大征服後の改宗は徐々に進んだもので、「コーランか剣か」 ということで改宗させた
というのは完全な誤りだそうです。ウマイヤ朝では異教徒が圧倒的に多く彼らと共存
したが、ムスリムの中ではコーランに反してアラブを優先しました。
アッバース朝になりムスリムが民族の別なく公平に扱われたため改宗が大いに進ん
だそうです。これは私が思ったとおりでした

アッバース朝第7代カリフ、マアムーンはギリシア文化の翻訳を奨励しました。
ギリシア哲学の合理的思考を取り入れたムウタズィラ学派を公認し、異端審問
までも開始しました。(234P)
ムウタズィラ学派がそれまでと異なっていた最大の論点は、神アラーと聖典クア
ルーンがともに永遠で絶対のものであるのはおかしい、神が全知全能で永遠なの
だから、クアルーンは創造物である、ということです。これはすばらしく合理的で、
クアルーンを 「不磨の大典」 とする弊害を避けることができた可能性がありま
した。
ところが保守的なウラマー (法学者) たちが頑強に抵抗し、3代後にムウタズィラ
学派は公認から外れ、ほとんど消滅してしまいました。これによりウラマーの権威
が向上し、聖典解釈の権限がウラマーにあることが社会的に確認されるようになっ
たということです。
これは上からの改革が失敗したということであり、いまトルコの世俗主義政権や、
エジプトの民族主義政権がイスラーム復興運動に揺さぶられているのと同じ構図
かもしれません。そしてそれは皮肉にも西欧流の民主主義の導入によって生じて
いるのです。
イスラーム復興運動は一般に原理主義と呼ばれ、穏健派から過激派まで幅がある
ようですが、厳格な聖典重視で残念ながら人間精神の解放には結びつきません。
個人的な聖典解釈で勝手に 「ジハード」 を行う過激な原理主義集団もあります。

ジハードは3つの側面があり、心のジハード、社会的ジハード、剣のジハード、と
されます。
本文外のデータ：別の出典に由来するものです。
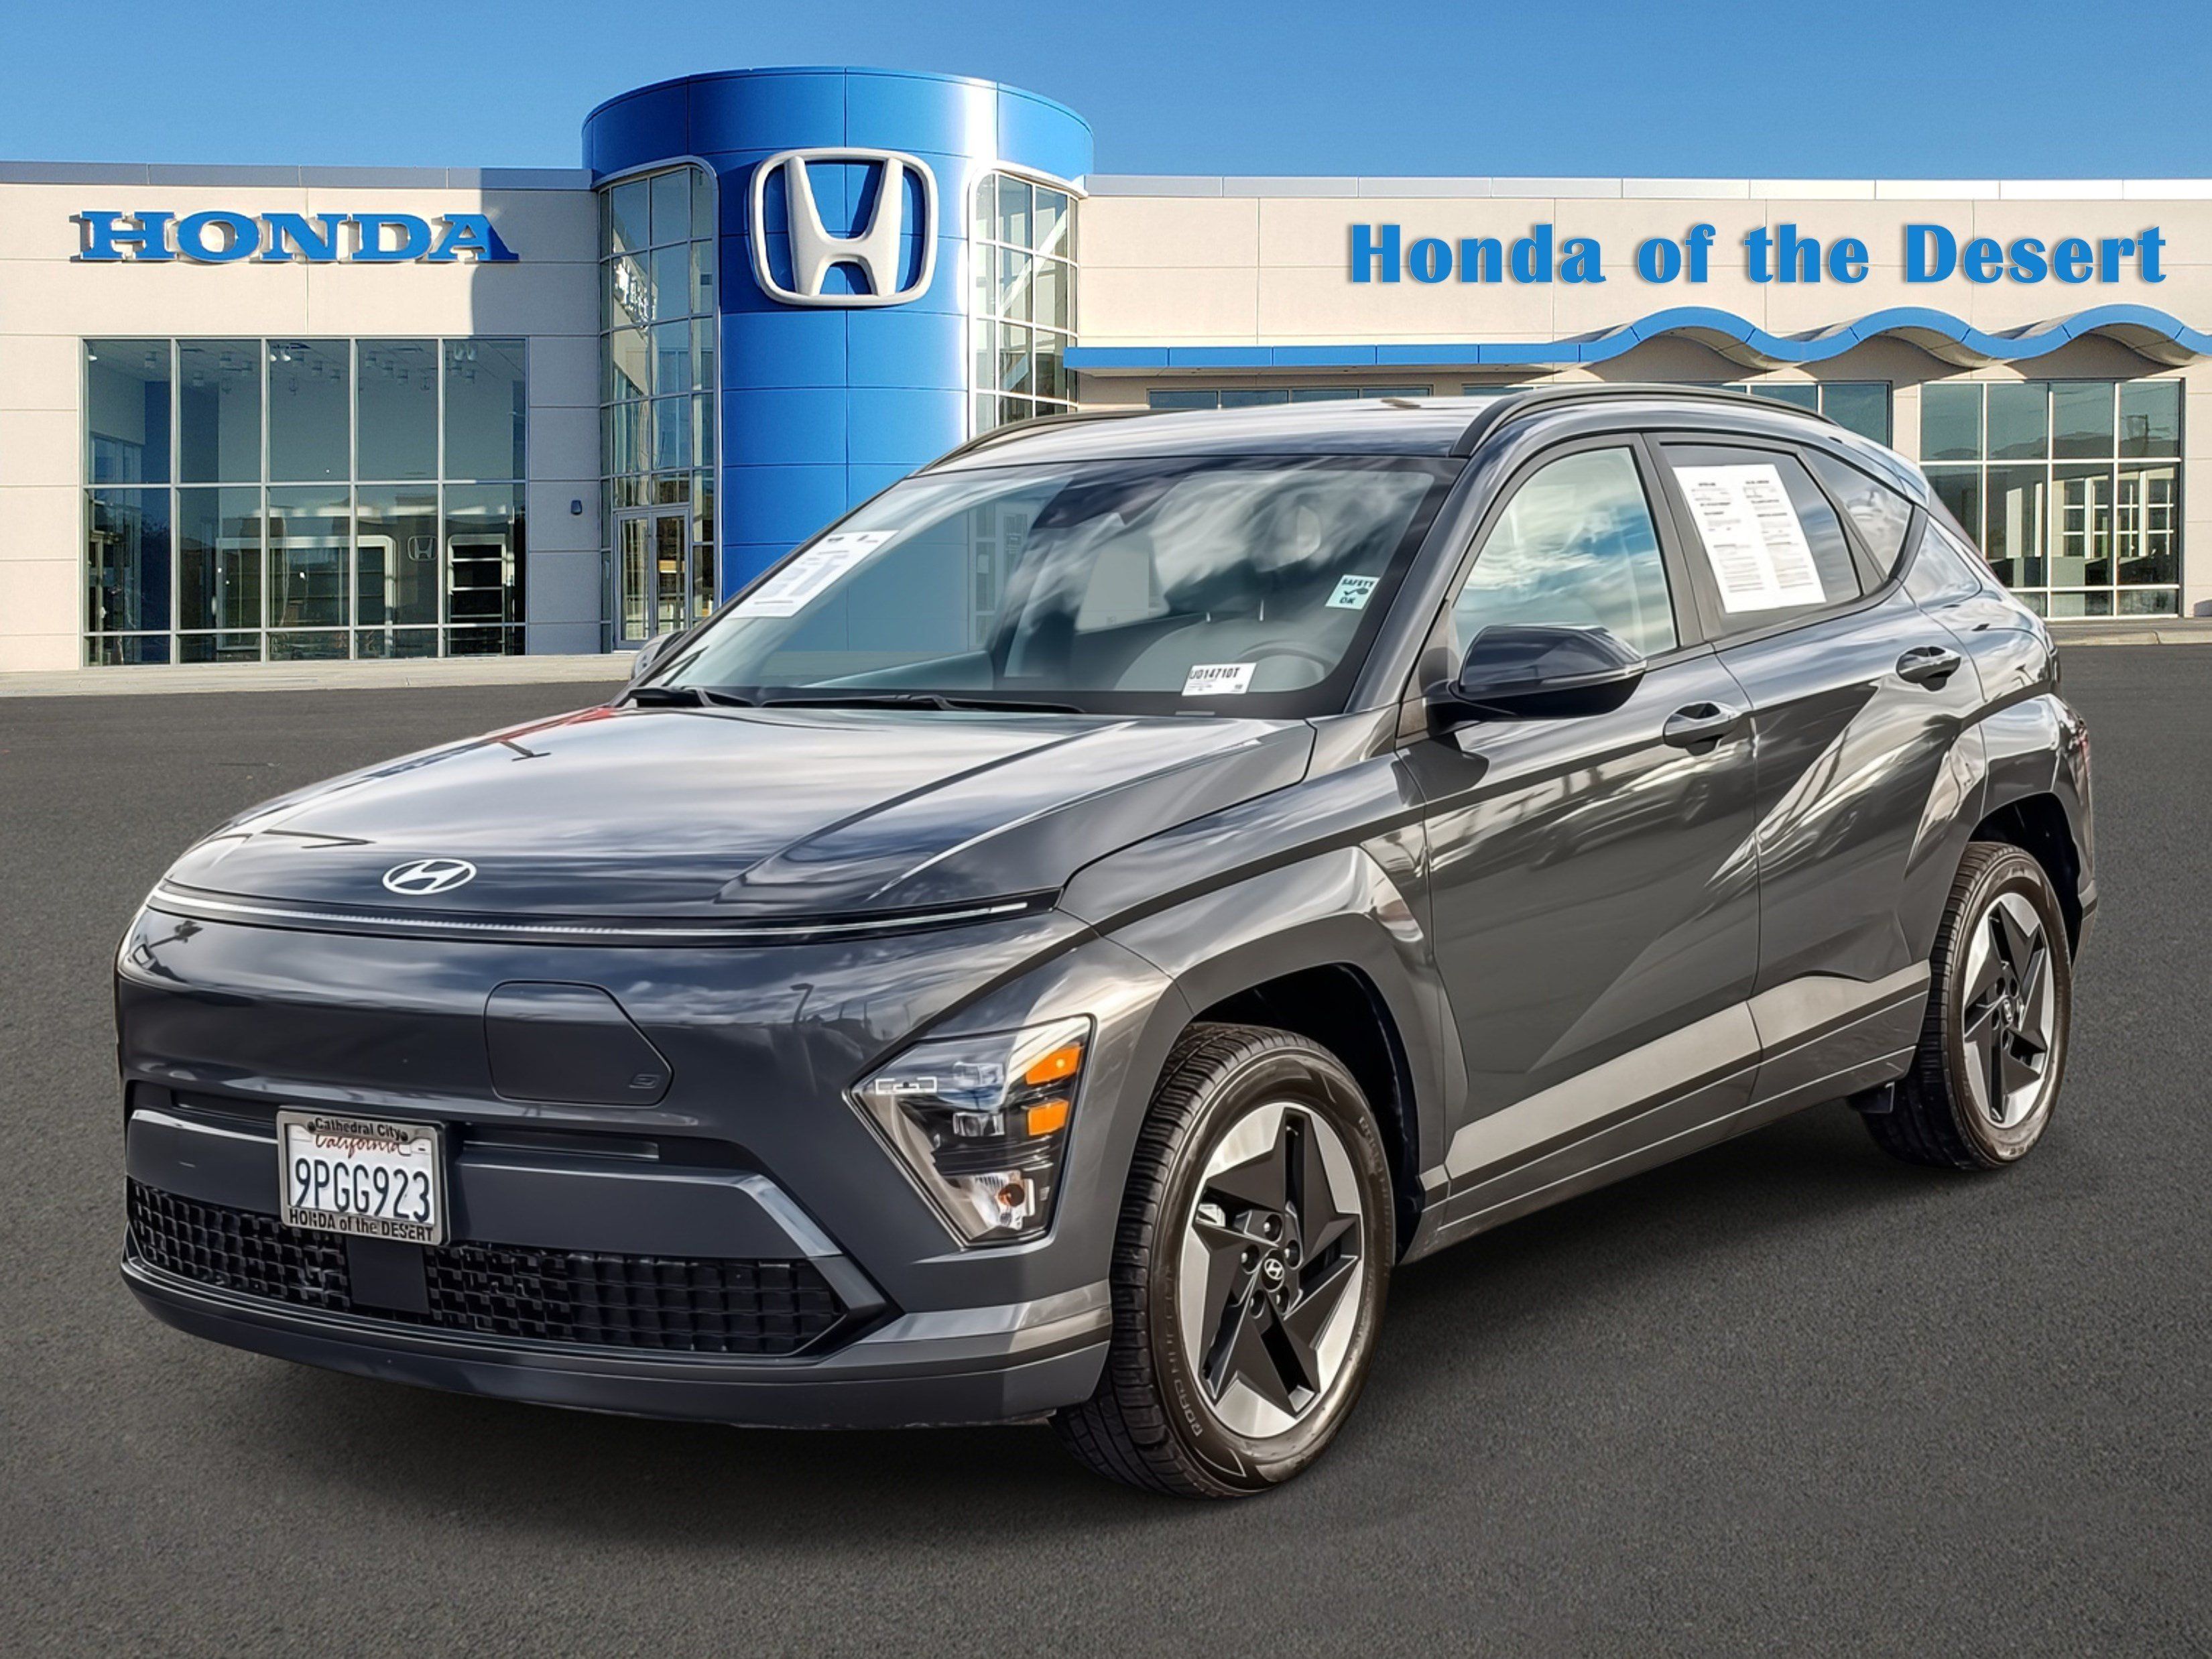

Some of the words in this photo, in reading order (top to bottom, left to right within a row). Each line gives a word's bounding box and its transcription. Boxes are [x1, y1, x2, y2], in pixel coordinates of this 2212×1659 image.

剣のジハードはいわゆる防衛戦争であり、ウンマ (イスラーム共同体) の
指導者、つまりカリフなど政教一致の統治者が発動すべきものだそうです。個人的
にそれを行うことは原則に反することになります。いまスンニ派にはそのような
統治者が存在しないので、個人がジハードと称して自爆テロなどを行なうことに
なってしまっているわけです。
小杉氏の言う多数派=「中道派」 が彼らを制御することができないのは残念な
ことですが、それが宗教というものかもしれません。

最後に、一夫多妻制は夫が戦死した寡婦の生活保障制度だといいます。(131P)
それはイスラーム草創当時の、迫害と戦っていた時代にはやむをえなかったかも
知れません。しかしメディーナ聖遷以降は戦えば勝つという勢いで、わずか20年
ちょっとで大征服を成し遂げるのですから、いつまでもそのような制度が必要だっ
たとは思えません。
ムウタズィラ学派の 「クアルーン創造物説」 が主流派になっていれば、人間と
しての男女平等といった、イスラームにとって革命的な新理論が生まれたかもしれ
ないのに、と思います。惜しまれることでした。